30Car le projet bio-sociologique, la pragmatique, la psychologie sociale et le cognitivisme ne sont que des moyens de classer la pensée et de faire l’impasse sur la diversité de l’humanité, ainsi réduite à des composantes psycho-biologiques ; et l’ethnologie perd son objet. Le cotexte, le contexte, la coopération... oui, tout cela influence le récit, mais un mythe reste un mythe quel que soit son contexte, et si sa force et sa valeur dans la société elle-même sont fonction, par exemple chez les Moken, de la langue (profane ou sacrée, malais ou moken, etc.), du lieu (île ou continent), du moment (le jour ou la nuit), de l’interaction (présence d’un individu qui reçoit la parole ou non), du mode (chanté ou parlé), son efficacité symbolique demeure identique. Les notions de temps peu marquées (le terme mola indique tout ce qui a plus de deux jours ; les espaces-temps sont linéaires et le passé et l’avenir des réalités conviviales) empêchent la soi-disant « profondeur » ; l’absence de sujet dérange (qui parle à qui ? On est toujours dans le doute) ; tout cela rend difficilement lisible un texte moken, mais le contexte et la connaissance de la société permettent de résoudre les énigmes posées par un texte oral ésotérique où plusieurs significations peuvent coexister.

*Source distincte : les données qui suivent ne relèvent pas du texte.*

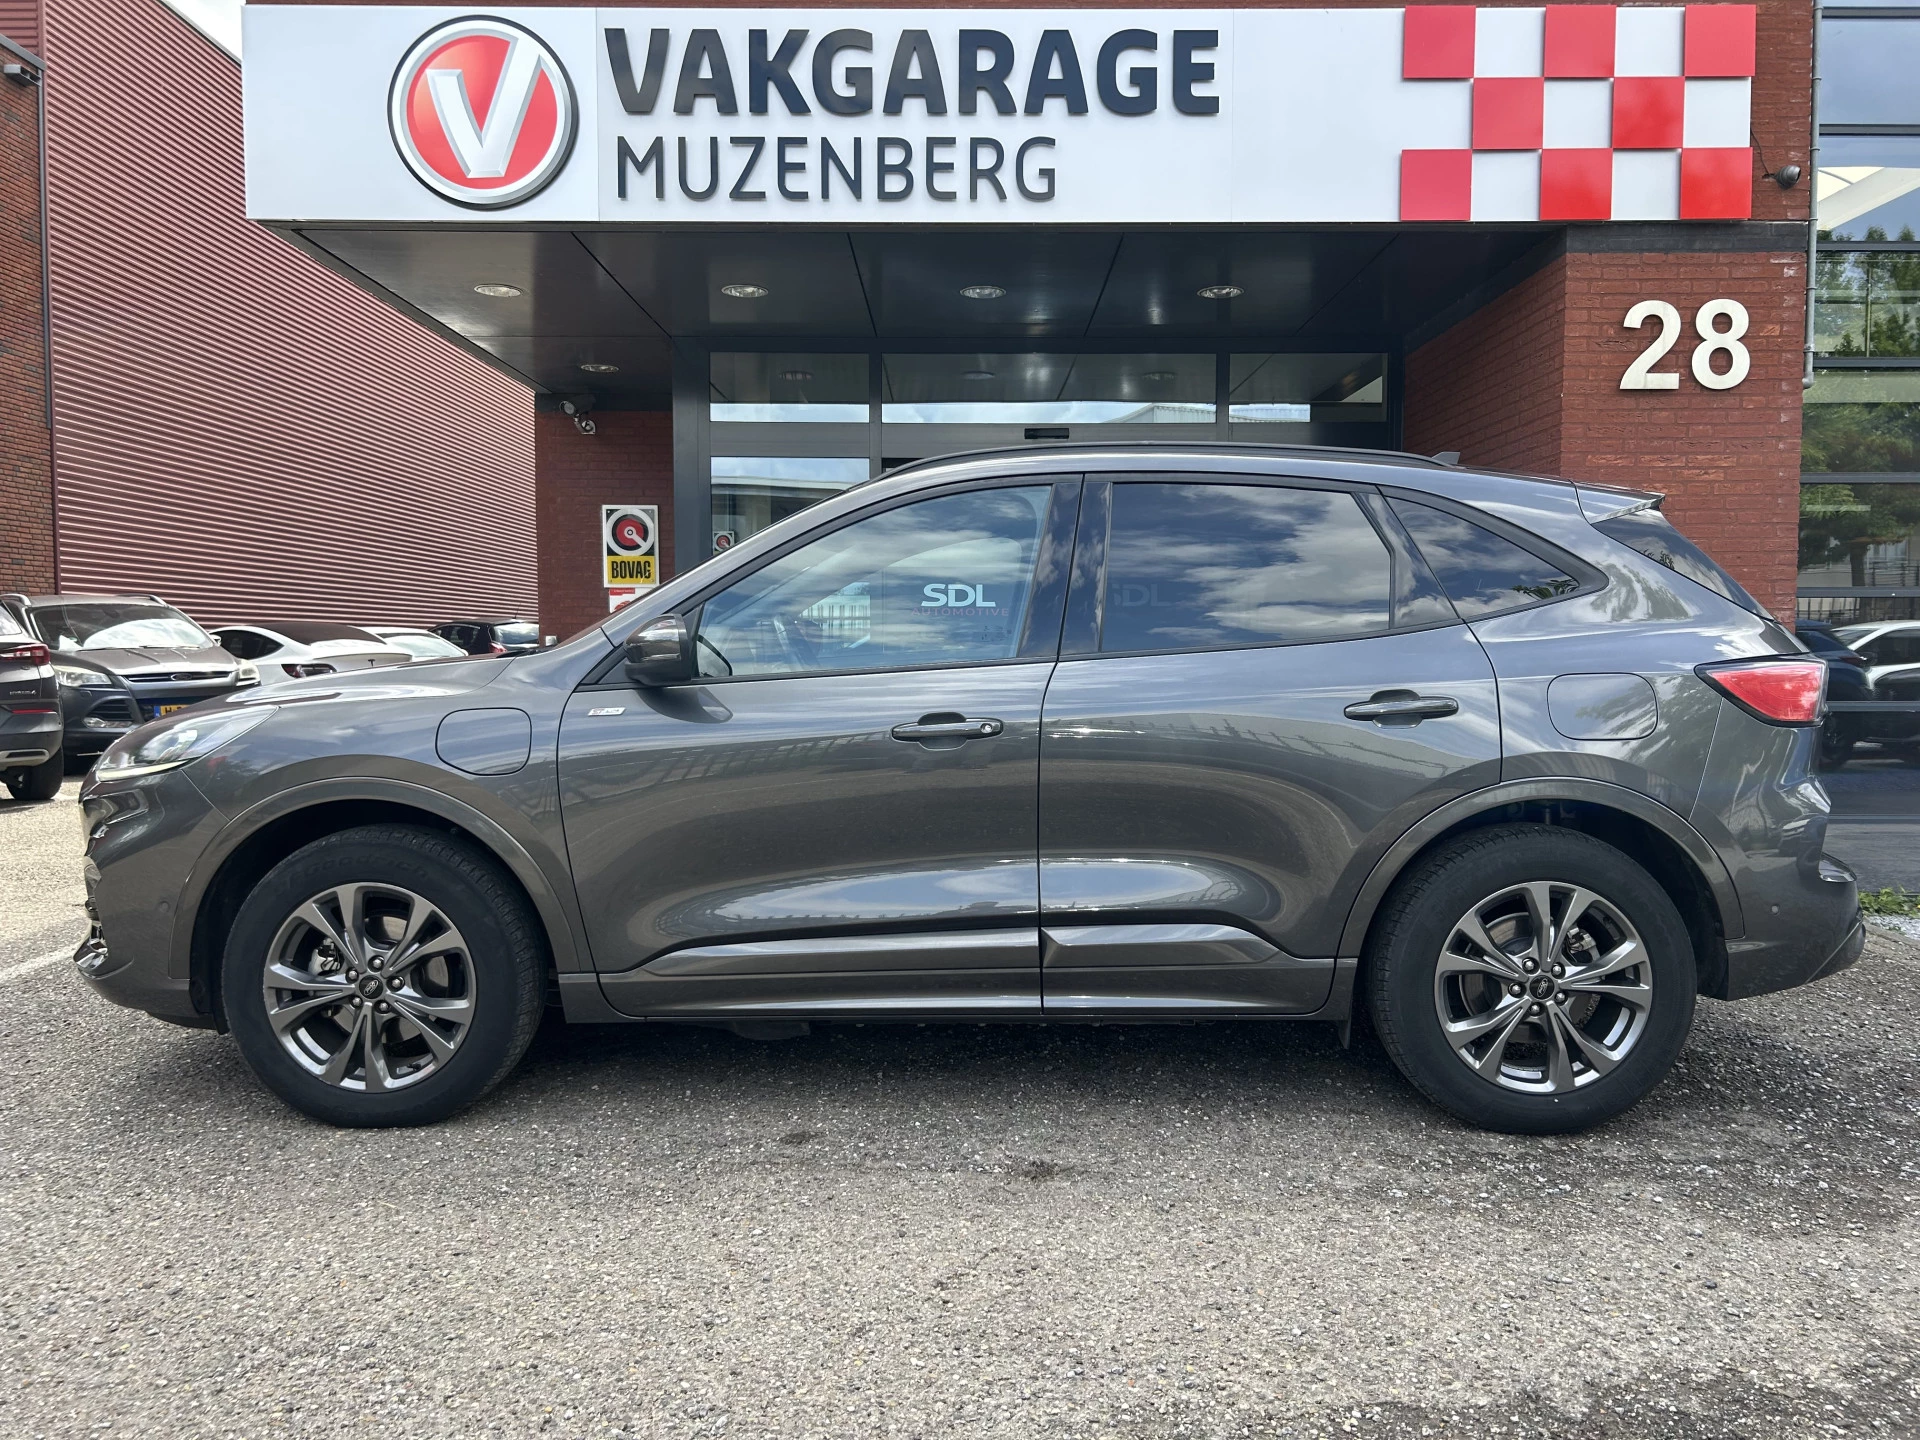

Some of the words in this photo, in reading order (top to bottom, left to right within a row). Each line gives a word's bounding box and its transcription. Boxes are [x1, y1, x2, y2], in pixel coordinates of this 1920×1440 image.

[604, 28, 1220, 115] VAKGARAGE
[616, 135, 1057, 201] MUZENBERG
[1619, 298, 1751, 390] 28
[611, 560, 652, 579] BOVAG
[910, 607, 1010, 617] AUTOMOTIVE
[920, 583, 997, 607] SDL

31La force du récit mythique explique sa facilité de mémorisation. Il est secret, caché, l’apprenti le sait et se concentre en fonction de ce défi et de sa responsabilité. L’objet de la sociolinguistique est plus clair : barrières sociologiques, hiérarchie, niveau social, toutes notions manipulées par les sciences humaines...

32On lira avec attention les pages consacrées aux approches cognitives évidemment nées aux États-Unis ; classifications, organisations, catégories, toutes obsessions des Blancs. Et les auteurs ont bien explicité ce point (p. 166)

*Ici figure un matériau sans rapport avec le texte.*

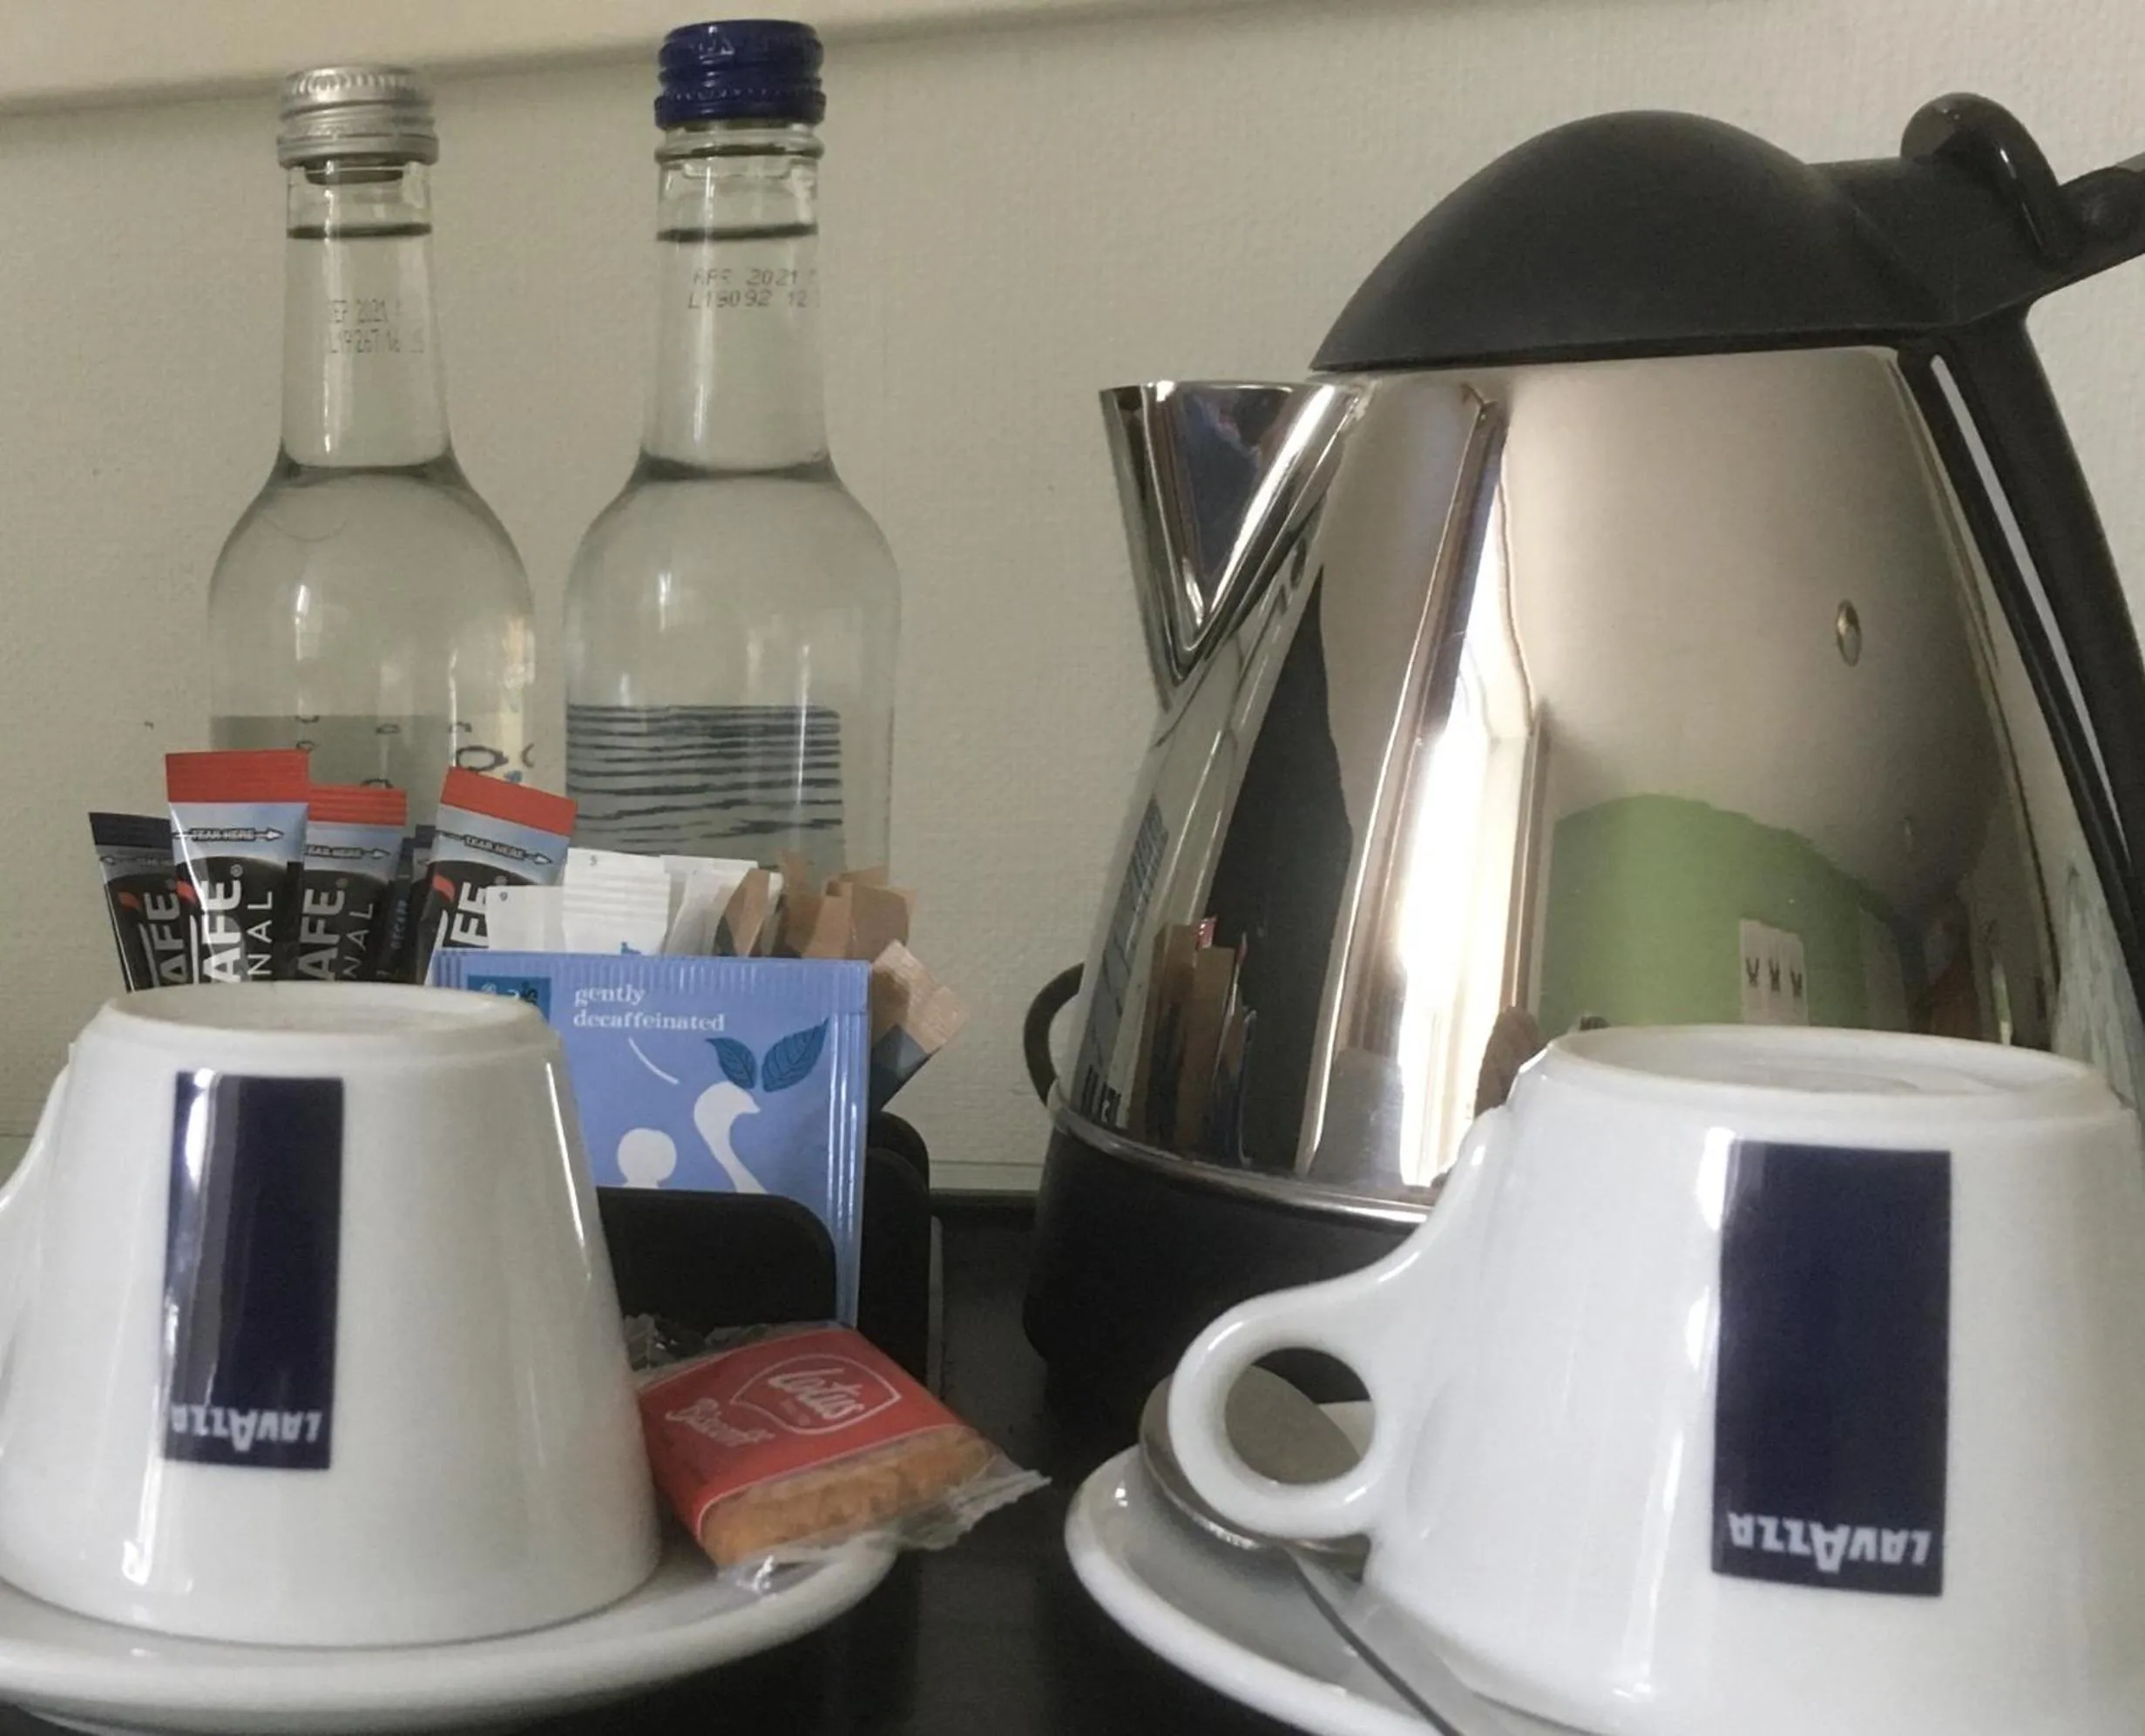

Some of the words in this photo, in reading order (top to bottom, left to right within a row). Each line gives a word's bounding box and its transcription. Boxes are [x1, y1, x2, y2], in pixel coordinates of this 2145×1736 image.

« Mais les modèles proposés représentent-ils vraiment le savoir des Trobriandais ou des Hanunoo, ou correspondent-ils plutôt à une représentation formelle capable, parmi d’autres, de produire un système de classification terminologique équivalent à celui qui est observé ? »

33On devine bien vite que la psychologie linguistique a pris le pas et dominé cette discipline émergente. Mais le problème est que le premier travail de l’ethnologue sorti de son ethnographie, consiste à faire des classifications, des comparaisons et des catégorisations ; c’est ce qui a permis aux cognisciences d’envahir notre espace intellectuel, celui-ci n’opposant d’ailleurs aucune résistance...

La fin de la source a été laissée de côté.